Novi Sad Bridge Is Falling Down

     From the beginning, I knew all of this was a dream. It was too good to be true. I was in a state in which you are neither awake, nor asleep. Rare moments of joy when you can be wherever you wish to be. Then it started...

     First I heard a terrifying crashing sound and distant shattering of glass. I instinctively dived out of my bed and crawled as for from the window as I could. Dogs were barking in fright and my younger brother started screaming calling for Mom. I could here explosions and the sky lit up, probably from anti-aircraft fire. A thought flashed through my brain - there will be more. And then, the most horrible sound in the world. I think I will never forget it. A sound that makes a person to realise how small he really is, humiliating him in his helplessness before something so powerful and intimidating. I don't know if the missile flew exactly above our heads, but at the time it surely seemed that way. The only thing left to do was to pray that the missiles were as accurate as they said. A second later, the whole building shook. The shutters broke, the rest of the window cracked and the front of the building started crumbling. I thought - it's over. We ran down into the shelter in panic where there were a lot of our neighbours already. Everyone was asking: "What are they bombing?" No one knew, but no one dared to go and find out. We could only wait. The panic slowly ebbed away and was replaced by anger. "Why are they bombing us of all people, fuck their nasty mothers" (local curse). What have we done to cross them? Why don't they go and kill the moron in Dedinje. Why are they bombing my children?" - a neighbour with a big moustache yelled. Since nothing else could be heard in the next 15 minutes, my sister's boyfriend and I got out to see what was happening. We didn't have to look around for long. As soon as we were out, we saw it....

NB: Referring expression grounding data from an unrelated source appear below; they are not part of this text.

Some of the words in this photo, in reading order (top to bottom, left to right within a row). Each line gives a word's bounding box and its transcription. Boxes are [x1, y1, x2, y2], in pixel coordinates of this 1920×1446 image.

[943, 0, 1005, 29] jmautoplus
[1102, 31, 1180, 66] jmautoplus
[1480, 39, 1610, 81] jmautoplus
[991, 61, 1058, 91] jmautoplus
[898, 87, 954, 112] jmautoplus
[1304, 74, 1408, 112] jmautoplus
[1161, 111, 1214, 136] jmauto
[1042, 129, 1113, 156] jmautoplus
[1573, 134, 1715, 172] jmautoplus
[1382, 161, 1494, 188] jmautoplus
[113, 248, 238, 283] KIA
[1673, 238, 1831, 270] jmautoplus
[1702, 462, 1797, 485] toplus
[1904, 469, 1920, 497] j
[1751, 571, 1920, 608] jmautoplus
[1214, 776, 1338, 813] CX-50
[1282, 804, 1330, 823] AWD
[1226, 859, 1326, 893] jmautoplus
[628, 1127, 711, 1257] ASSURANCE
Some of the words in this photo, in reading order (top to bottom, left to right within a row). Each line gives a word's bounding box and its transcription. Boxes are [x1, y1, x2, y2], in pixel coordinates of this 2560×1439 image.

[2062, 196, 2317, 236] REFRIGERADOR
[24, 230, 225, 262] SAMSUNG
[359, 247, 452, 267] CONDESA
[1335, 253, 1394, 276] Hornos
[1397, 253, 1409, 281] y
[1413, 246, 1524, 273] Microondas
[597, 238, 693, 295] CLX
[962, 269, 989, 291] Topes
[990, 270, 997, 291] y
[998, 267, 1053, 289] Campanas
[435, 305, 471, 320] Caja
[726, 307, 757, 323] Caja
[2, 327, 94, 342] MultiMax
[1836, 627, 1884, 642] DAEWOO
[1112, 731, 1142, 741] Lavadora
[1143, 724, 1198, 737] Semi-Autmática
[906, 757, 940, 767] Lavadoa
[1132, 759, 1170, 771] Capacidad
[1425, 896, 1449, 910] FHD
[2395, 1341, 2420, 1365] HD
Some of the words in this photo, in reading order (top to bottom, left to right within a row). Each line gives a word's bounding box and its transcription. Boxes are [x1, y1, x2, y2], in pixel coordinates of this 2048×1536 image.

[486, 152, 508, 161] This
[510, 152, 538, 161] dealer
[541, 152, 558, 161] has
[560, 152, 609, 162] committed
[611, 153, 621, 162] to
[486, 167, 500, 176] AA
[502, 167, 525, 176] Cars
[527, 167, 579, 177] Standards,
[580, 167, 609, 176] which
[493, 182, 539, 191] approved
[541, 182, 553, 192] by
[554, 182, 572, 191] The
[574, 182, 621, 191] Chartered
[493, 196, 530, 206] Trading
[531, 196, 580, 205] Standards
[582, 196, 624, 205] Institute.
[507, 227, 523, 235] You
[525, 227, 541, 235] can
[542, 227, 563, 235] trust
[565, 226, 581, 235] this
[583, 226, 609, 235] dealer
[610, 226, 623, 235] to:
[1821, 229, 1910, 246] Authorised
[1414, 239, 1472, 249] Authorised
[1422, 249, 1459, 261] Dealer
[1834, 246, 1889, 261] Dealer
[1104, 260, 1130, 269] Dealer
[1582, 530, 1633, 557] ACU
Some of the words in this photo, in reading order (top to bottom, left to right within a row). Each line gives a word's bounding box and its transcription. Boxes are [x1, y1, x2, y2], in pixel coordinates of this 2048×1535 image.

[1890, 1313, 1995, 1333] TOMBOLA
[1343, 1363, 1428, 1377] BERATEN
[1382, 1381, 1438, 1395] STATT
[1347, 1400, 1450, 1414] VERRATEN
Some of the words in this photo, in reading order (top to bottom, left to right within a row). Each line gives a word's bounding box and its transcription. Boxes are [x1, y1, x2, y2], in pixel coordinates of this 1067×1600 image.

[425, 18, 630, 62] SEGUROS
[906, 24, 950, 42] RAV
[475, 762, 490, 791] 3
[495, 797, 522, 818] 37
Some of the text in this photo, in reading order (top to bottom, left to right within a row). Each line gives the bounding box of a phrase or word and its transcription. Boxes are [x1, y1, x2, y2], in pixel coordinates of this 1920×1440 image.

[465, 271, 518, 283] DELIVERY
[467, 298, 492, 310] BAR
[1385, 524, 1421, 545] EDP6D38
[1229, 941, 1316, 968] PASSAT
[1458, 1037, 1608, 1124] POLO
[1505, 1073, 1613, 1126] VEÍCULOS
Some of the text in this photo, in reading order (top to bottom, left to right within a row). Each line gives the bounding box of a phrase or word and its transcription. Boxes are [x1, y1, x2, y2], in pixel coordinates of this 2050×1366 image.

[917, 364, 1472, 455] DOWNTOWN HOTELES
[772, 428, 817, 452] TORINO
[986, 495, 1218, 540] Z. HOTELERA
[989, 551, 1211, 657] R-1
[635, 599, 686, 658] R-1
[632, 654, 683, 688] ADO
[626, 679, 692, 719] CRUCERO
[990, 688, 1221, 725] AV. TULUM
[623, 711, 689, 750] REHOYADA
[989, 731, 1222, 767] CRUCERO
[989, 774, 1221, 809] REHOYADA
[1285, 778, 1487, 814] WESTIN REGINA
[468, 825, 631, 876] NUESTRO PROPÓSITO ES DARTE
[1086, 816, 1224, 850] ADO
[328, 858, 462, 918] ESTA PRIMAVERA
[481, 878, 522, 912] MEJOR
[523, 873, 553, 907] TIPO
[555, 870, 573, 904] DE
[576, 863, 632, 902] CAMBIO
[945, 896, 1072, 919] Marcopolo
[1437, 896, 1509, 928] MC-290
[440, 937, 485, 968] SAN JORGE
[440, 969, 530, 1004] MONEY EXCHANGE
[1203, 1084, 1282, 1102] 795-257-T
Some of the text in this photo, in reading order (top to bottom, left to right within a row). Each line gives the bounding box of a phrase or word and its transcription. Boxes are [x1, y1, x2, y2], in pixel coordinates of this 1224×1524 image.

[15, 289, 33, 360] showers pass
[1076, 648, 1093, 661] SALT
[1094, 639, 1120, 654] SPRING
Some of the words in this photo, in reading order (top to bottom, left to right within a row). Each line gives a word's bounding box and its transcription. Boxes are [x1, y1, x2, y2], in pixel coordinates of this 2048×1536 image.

     "Fuck, the bridge is gone" - we exclaimed simultaneously.

     The Sun had just started emerging, giving the Danube a specific red colour. The metaphor was more than obvious. The bridge looked like a wounded wild animal, slowly sinking deeper into the muck. He seemed to be apologising for not being able to carry couples in love on their way to the Petrovaradin fort. As if he was sorry to have allowed his own destruction. However, he didn't stand a chance. A missile, ironically named after an eradicated American-Indian people, hit him right the centre.

     In front of the bridge was a crowd of policemen and soldiers and a bus driver with sweat still pouring down his face. We heard later that if the bus had started driving toward the bridge just a minute earlier than it did, there would have been 50 more funerals in Novi Sad that day.

     A friend of mine sent me a letter that said: "My deepest condolences to all citizens of Novi Sad, and to all people who had the chance to carelessly cross that bridge at the end of a summer day on their way to the fort. The Danube looked like a real river under that bridge, fast and powerful, not like the swap we have in Belgrade. When viewing Novi Sad from the Petrovaradin fort, the Danube seemed to be holding the city under siege, surrounding it, and then, suddenly, the bridge would cut across the siege and break it."

     The next day, 50,000 citizens of Novi Sad attended the "funeral" of the bridge. Many cried, feeling that a part of our city and a part of us had passed away with the bridge. For us, the youth, the bridge was always there, something unchangeable and eternal, while the older people remembered how Hitler had destroyed a bridge at the same spot in W.W.II. One of them told me: "We, the older people of Novi Sad, knew that the iron giant was not a work of art. What's more, it was ugly, robust, crooked like a dog's tail, but it was ours and thus the most beautiful and dearest in the whole World. The bridge was a monument to our emotions. Even trucks were not allowed to cross it, let alone tanks. I think a new bridge should not be built in its place. The two supporting pillars of the bridge destroyed by Germans should be joined by two new pillars to keep the fear alive. Four pillars of bridges that were - a warning for eternity. I salute you, my friend."